Top 10 Government Saving & Investment Schemes in India (2025)
Top 10 Government Saving & Investment Schemes in India (2025)
India offers various government-backed schemes that are safe, tax-saving, and ideal for long-term investment. Here are the top 10 options you must know in 2025:
1. Public Provident Fund (PPF)
15-year lock-in, tax-free returns, and up to ₹1.5 lakh investment under 80C. Ideal for long-term savings.
2. Sukanya Samriddhi Yojana
Best for girl child. Offers high interest (~8%) and tax exemption on maturity.

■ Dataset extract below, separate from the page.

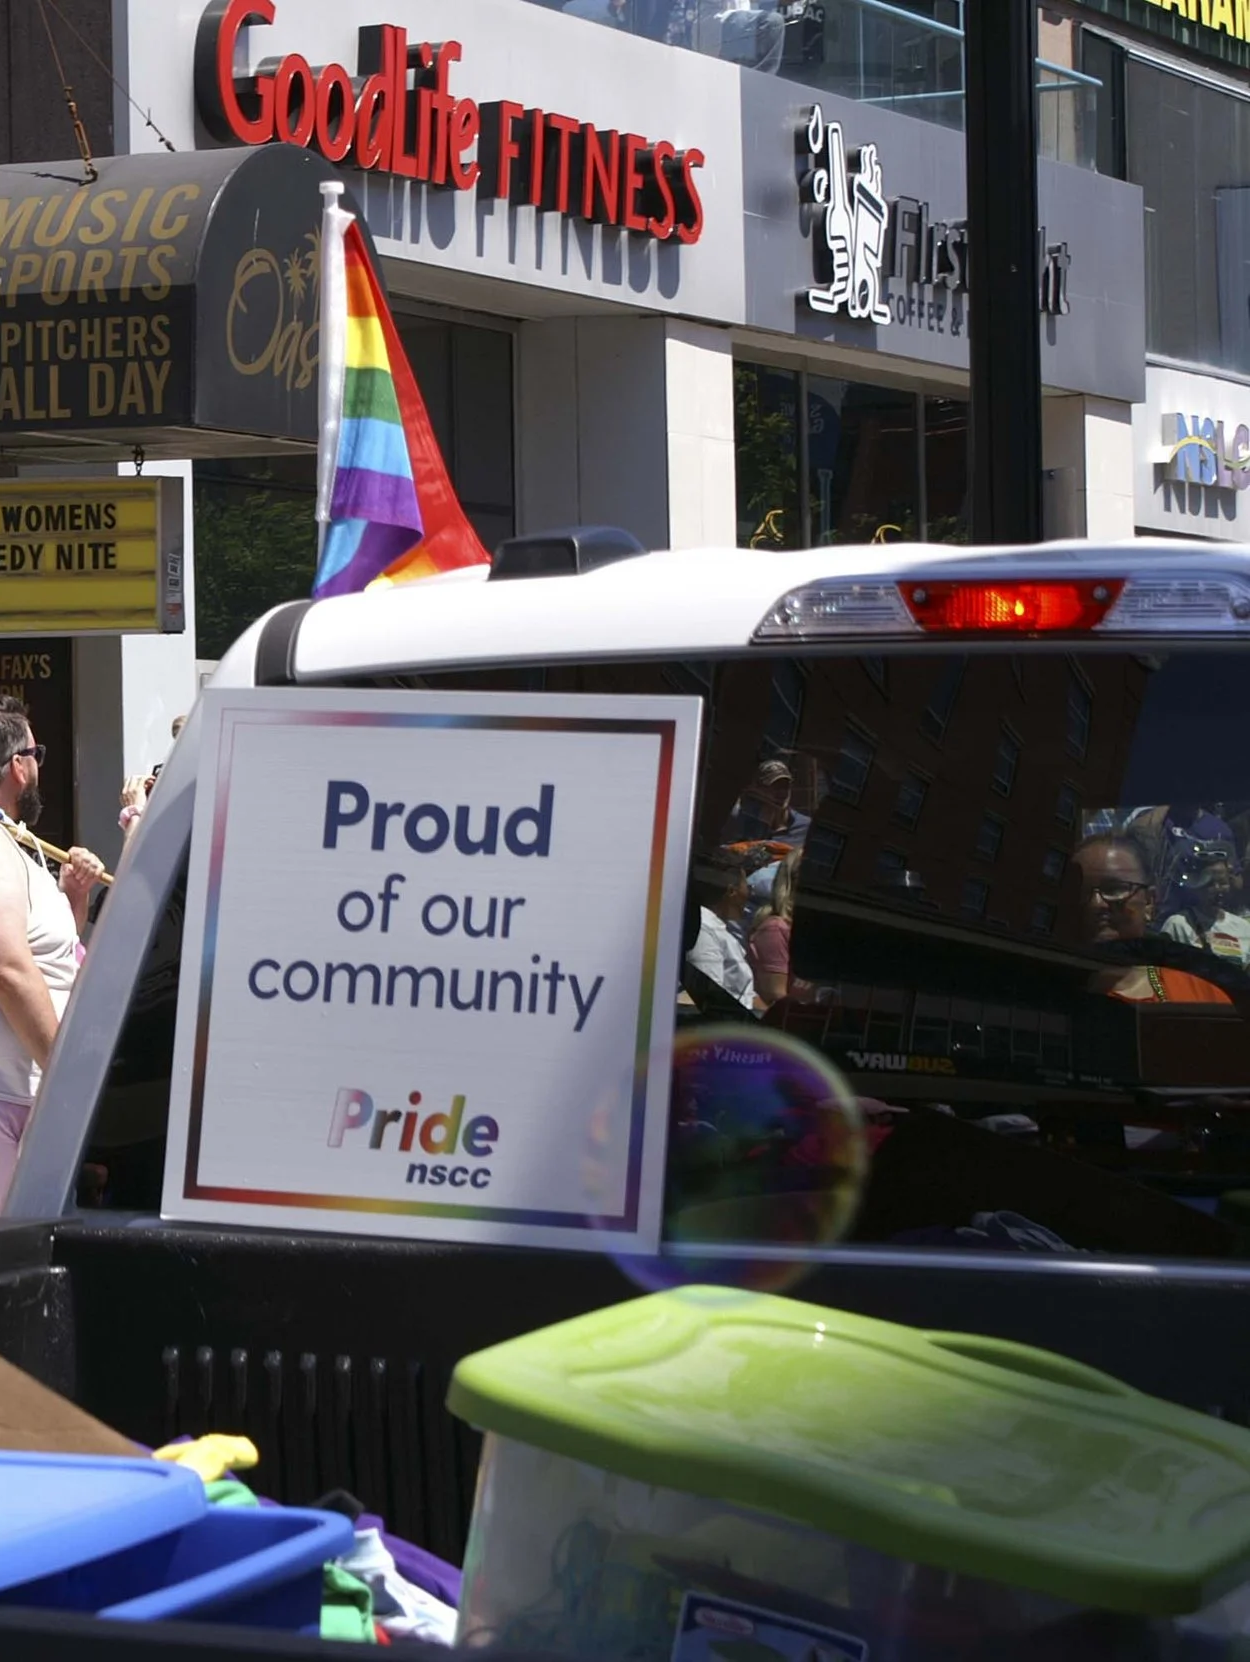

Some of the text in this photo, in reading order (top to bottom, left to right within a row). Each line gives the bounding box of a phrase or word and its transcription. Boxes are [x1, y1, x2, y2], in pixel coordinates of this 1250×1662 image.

3. Senior Citizens Saving Scheme (SCSS)
Safe option for retirees. High fixed interest rate and quarterly payout.
4. National Pension Scheme (NPS)
Long-term retirement planning with dual tax benefits and market-linked returns.
5. Atal Pension Yojana (APY)
Low contribution, lifetime pension post-retirement. Meant for workers in the unorganized sector.
6. Kisan Vikas Patra (KVP)
Money doubles in ~10 years. Guaranteed returns, no TDS, and no market risk.
7. Post Office Monthly Income Scheme (POMIS)
Invest once and earn monthly interest. Very stable and ideal for passive income.
8. NSC – National Savings Certificate
Safe investment for 5 years. Eligible for 80C deductions. Fixed interest rate.
9. Pradhan Mantri Vaya Vandana Yojana
Senior citizens get assured pension returns backed by LIC. Lock-in 10 years.
10. RBI Floating Rate Bonds
Govt bonds with floating interest every 6 months. Safe, no TDS if held till maturity.
Note: Always verify latest interest rates & terms before investing. Govt schemes are safest for Indian retail investors.